The school lunch is therefore of high social utility and an invaluable adjunct to the work of the school medical inspector or nurse. Yet it has its critics.

Mr. Joseph Lee of Boston is one of the more outspoken of these, claiming that school lunches will disrupt the family.

Mrs. George B. Twitchell of Cincinnati gave a spirited defense of the school lunch in a letter to The Survey:

I want to ask Mr. Lee how it is possible to disrupt a family when our social conditions are such that the mother has to go out to help make a living. Isn’t that family already disrupted? We are all working to bring about social conditions when it will be possible to have a home for all the people, when father will be able to earn enough to make it possible for mother to remain at home; but until such time the children must be given some good, substantial food, not candy, pickles and such trash as they can buy at the candy store....

The teachers of Cleveland proved that their pupils could not work on a diet of candy and pickles. The school lunch has proved so helpful that ten have been established in Boston, all but one in the poor districts. The one in the Mt. Auburn school was started by the Mothers’ Club because they wished to give their children better food than they could get at the candy store at recess time. The mothers report that since they have opened the lunch room and the children get good food at recess time they have better appetites and eat more than they did before.

Many times children do not eat because they are too hungry and tired after the walk home and really have lost their appetites on account of that. Children often eat a very light breakfast and need a lunch at recess. They are like little chicks, they thrive best if fed every three hours. We believe there should be a lunch room in every school which should supply the children with good food, rather than depend on commercialism, as in that case we know the only interest is to make money.

Undaunted by those who fear that the school lunch may pauperize the poor, some of its defenders would go further. Miss Mabel Parker, of New York, proposes to unite with the school lunch a “pre-natal restaurant” in certain districts where poor women in a pregnant condition can get for five cents a nourishing lunch which they could not get for a great deal more money at home. With the school plant already equipped for meeting the extra work, these same women, instead of living on bread and bologna, could be provided with a nourishing midday meal and child welfare be promoted from the very start. Her belief is that this extended work would be self-supporting. Miss Parker says: “We have learned from our work in the Board of Health milk stations that education is not enough. The people of the tenement districts simply cannot afford good food, even if they have learned how desirable it is. That is why the city is willing to sell them milk at cost and why mothers must be provided with good food.”

Not only must mothers be taught better care of their infants but the “little mothers” and “little fathers” upon whose young shoulders devolves the burden of taking mother’s place, while she goes out to earn or help earn the family living, must receive the education which will enable them to preserve the lives intrusted to their care until such time as the real mothers and fathers can be placed in an economic situation whereby they themselves are able to assume that burden which is rightfully theirs alone.

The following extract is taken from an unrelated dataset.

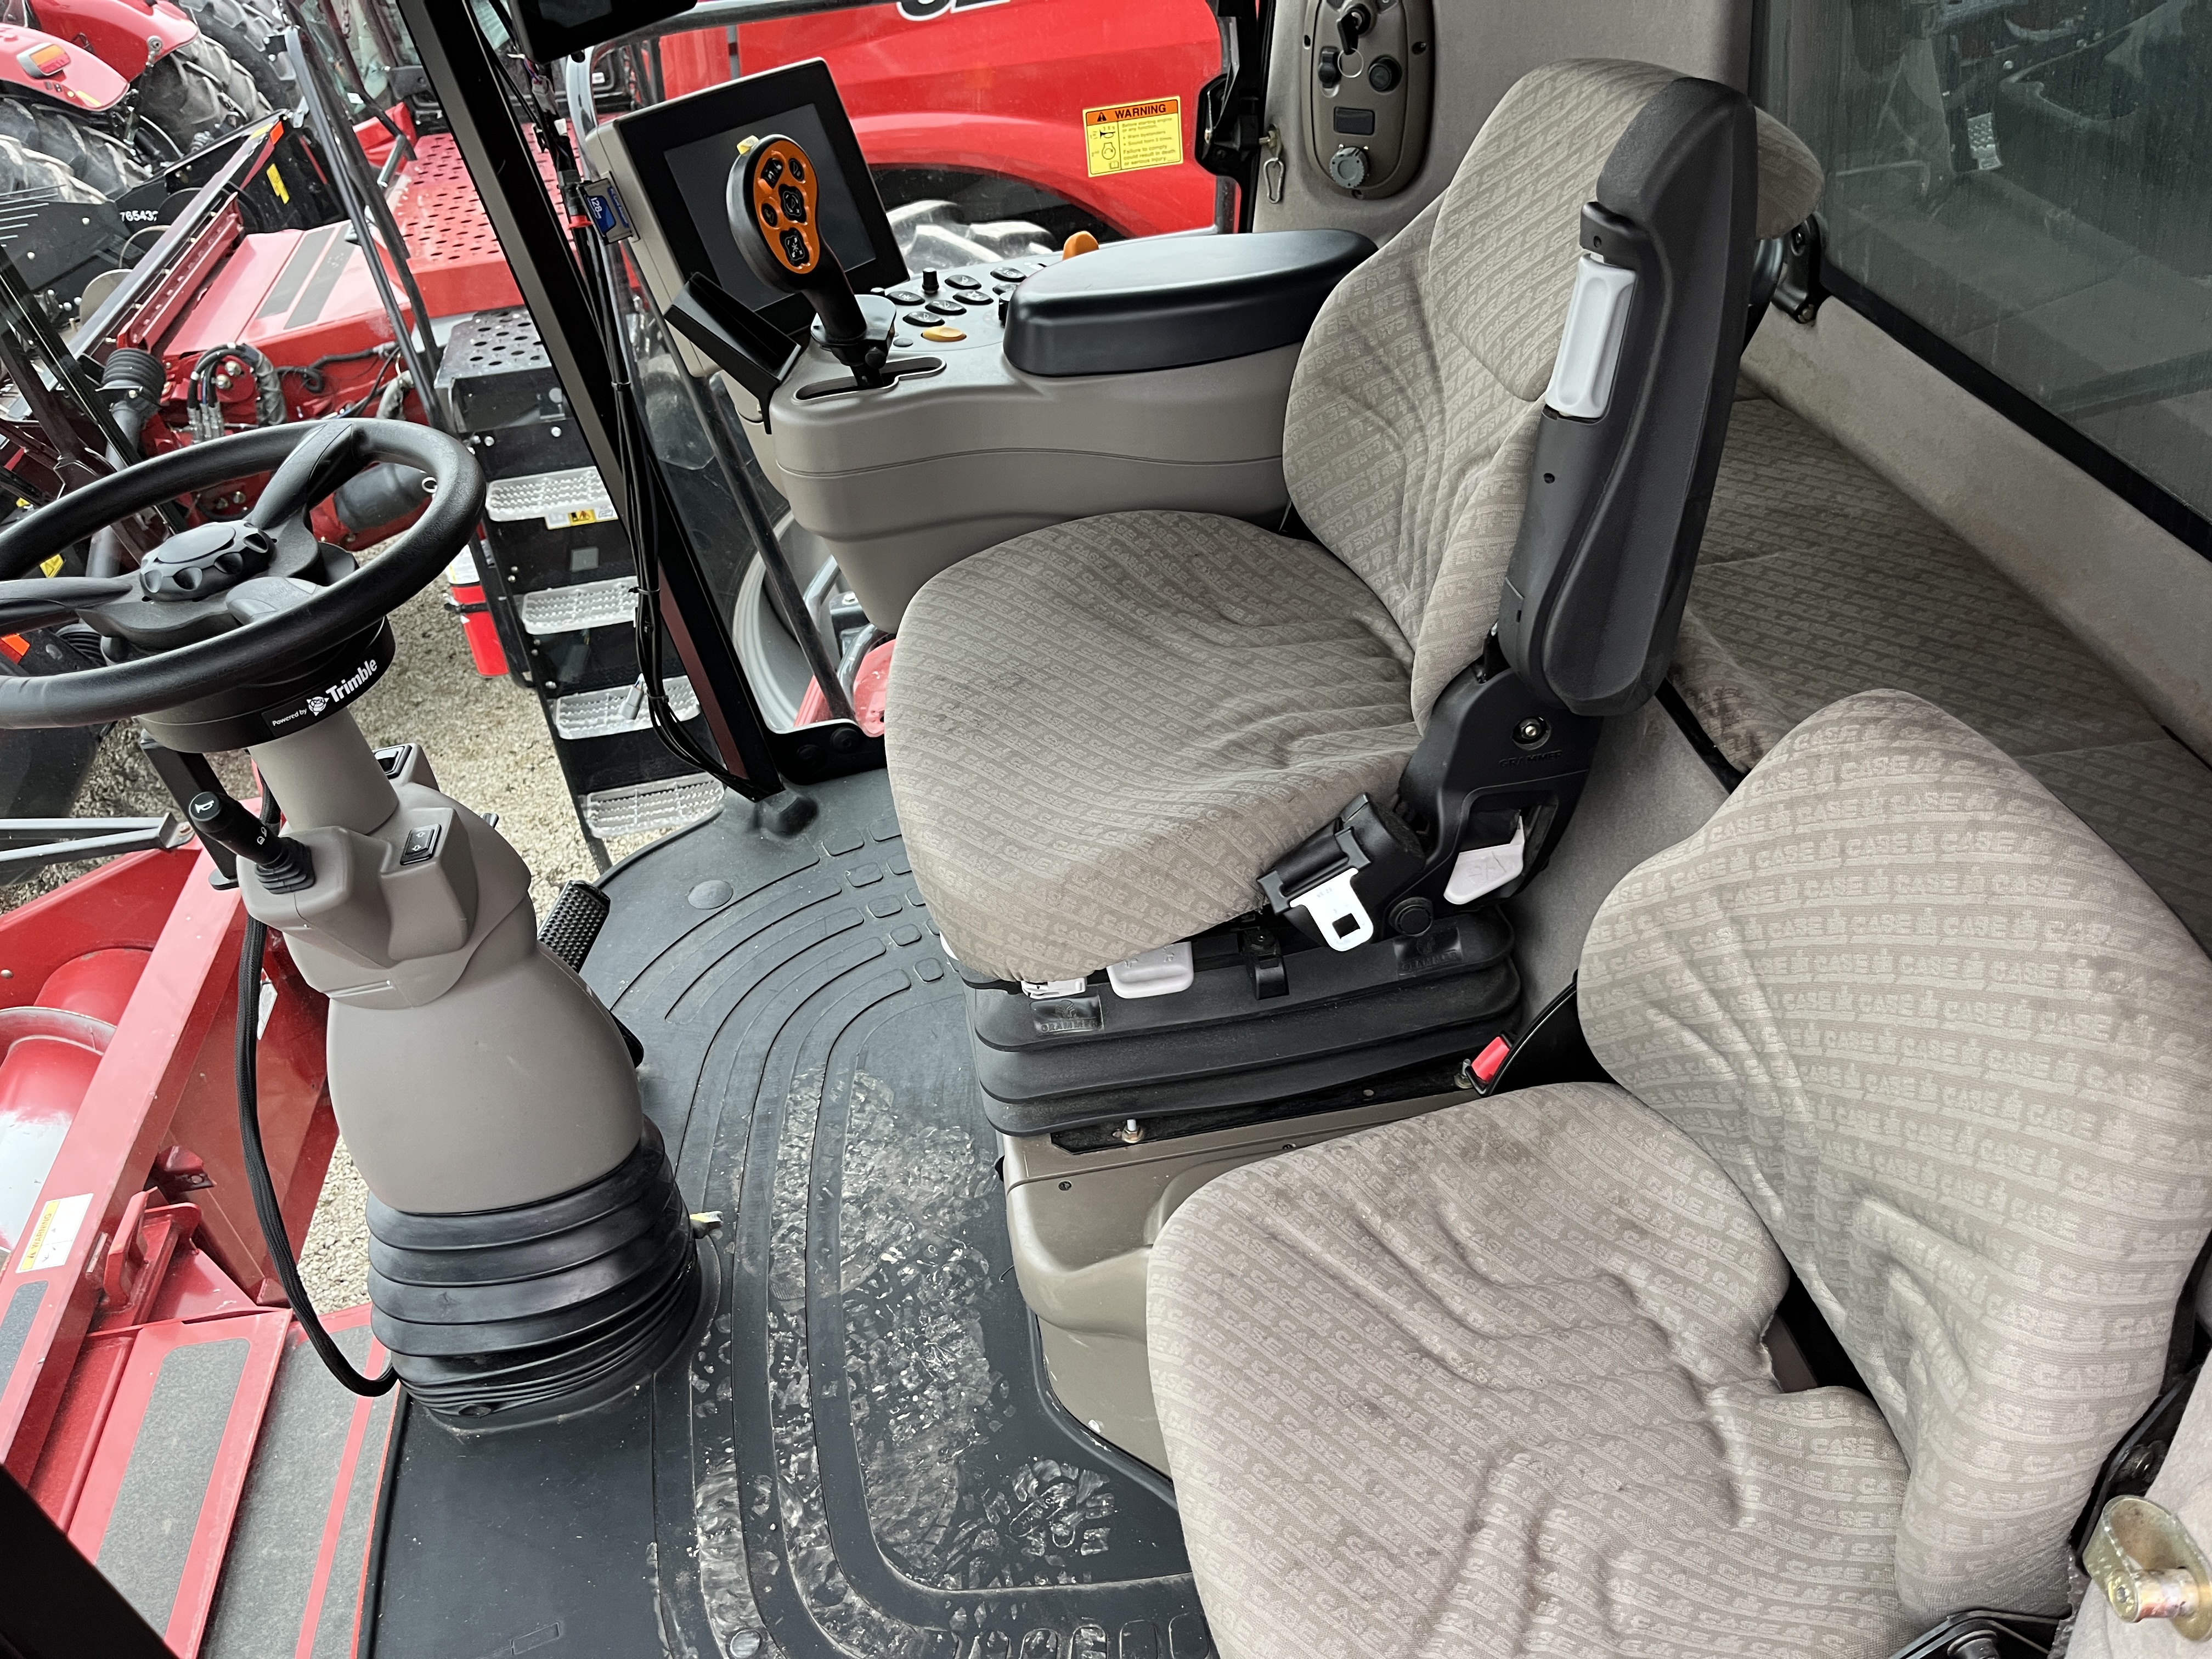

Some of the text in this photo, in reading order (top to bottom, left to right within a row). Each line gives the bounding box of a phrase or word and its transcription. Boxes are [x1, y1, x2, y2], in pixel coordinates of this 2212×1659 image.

Dr. S. Josephine Baker appreciates the value of this work and through the organization of groups of young guardians of children, this information is being imparted.

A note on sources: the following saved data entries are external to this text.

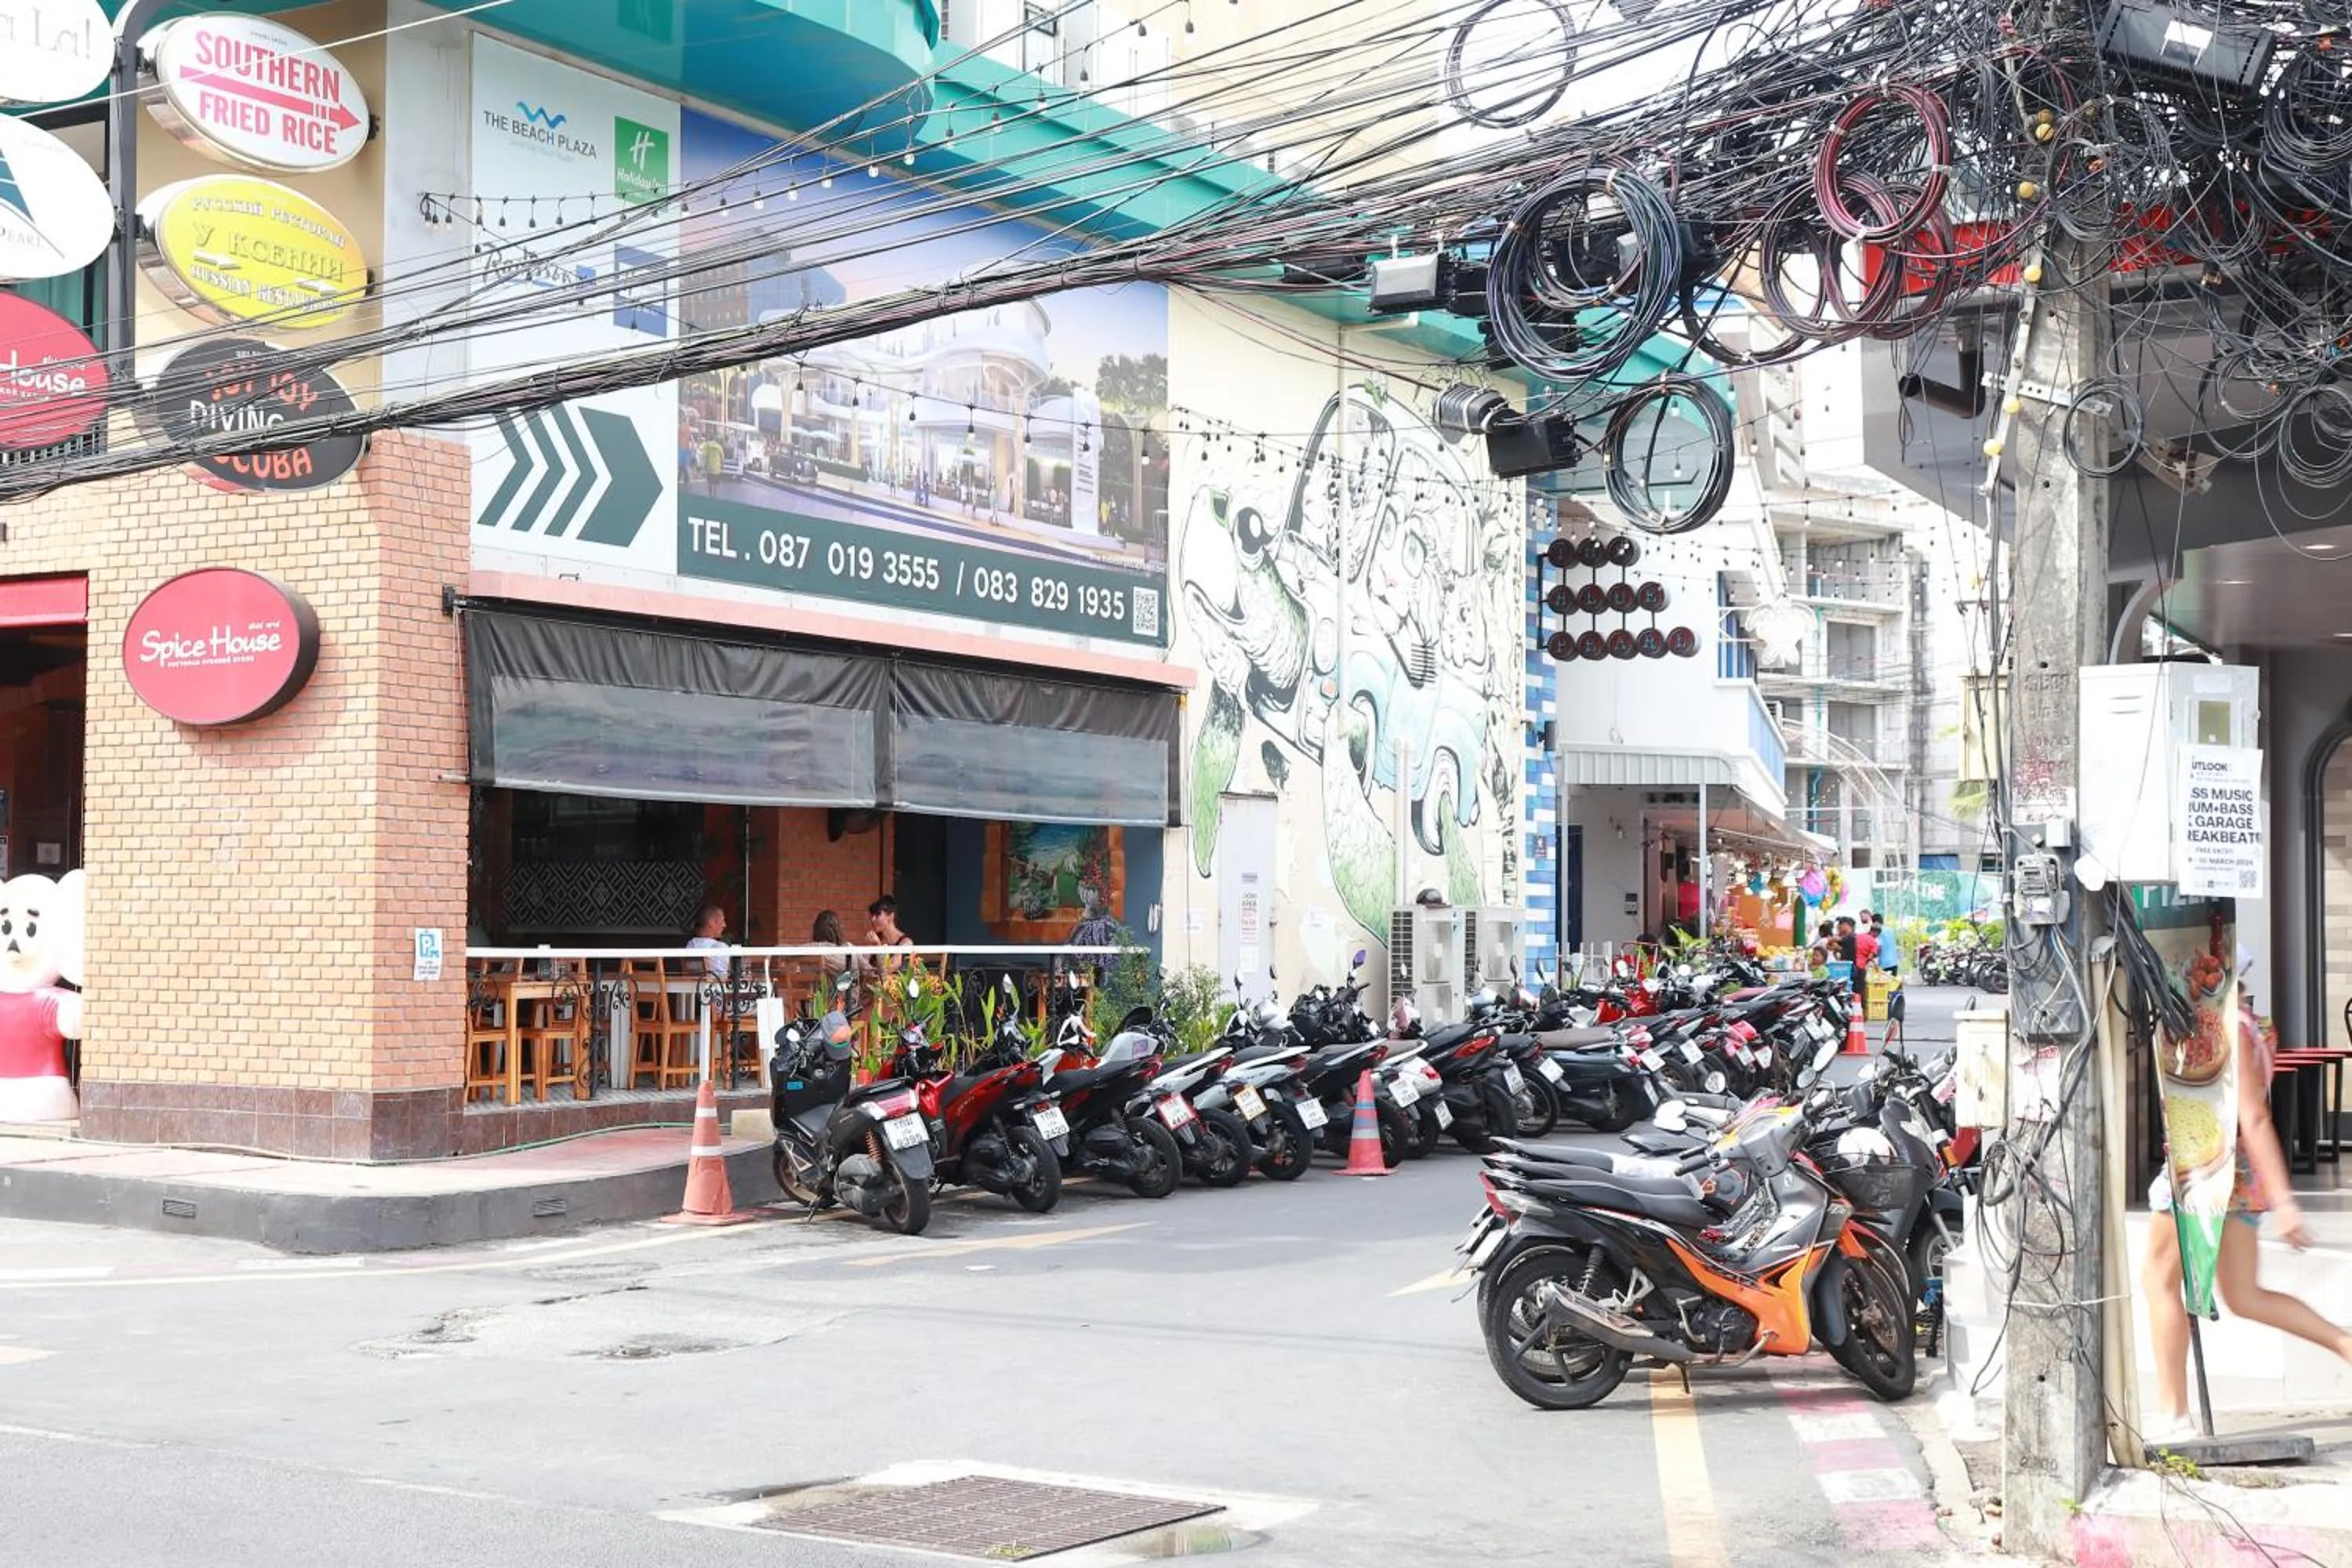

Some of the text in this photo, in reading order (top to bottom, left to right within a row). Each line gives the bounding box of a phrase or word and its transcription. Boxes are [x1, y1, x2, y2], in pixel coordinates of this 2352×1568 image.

[195, 31, 339, 103] SOUTHERN
[199, 90, 338, 154] FRIED RICE
[484, 110, 509, 132] THE
[512, 119, 555, 146] BEACH
[557, 134, 597, 159] PLAZA
[758, 528, 811, 569] 087
[827, 541, 873, 580] 019
[882, 550, 939, 590] 3555
[974, 566, 1018, 603] 083
[1030, 576, 1069, 612] 829
[1077, 585, 1125, 620] 1935
[140, 624, 282, 667] Spice House
[2191, 761, 2228, 771] UTLOOK
[2189, 801, 2254, 816] UM+BASS
[2212, 788, 2253, 802] MUSIC
[2188, 829, 2260, 844] EAKBEAT
[2195, 815, 2253, 829] GARAGE

Mrs. Clarence Burns of New York has been among the women who have sought to make the burdens of the “little mothers” lighter and her “Little Mothers’ Aid Society” is one of the well-known institutions of that city. Recently the little fathers have begun to feel that their position of responsibility was ignored too much in the greater efforts made to smooth the way of girls who have parental tasks, and their protest has served to call attention again to the extent to which the oldest child whether boy or girl is the real person charged with the task of prolonging infant life and keeping or making baby brothers and sisters well and strong.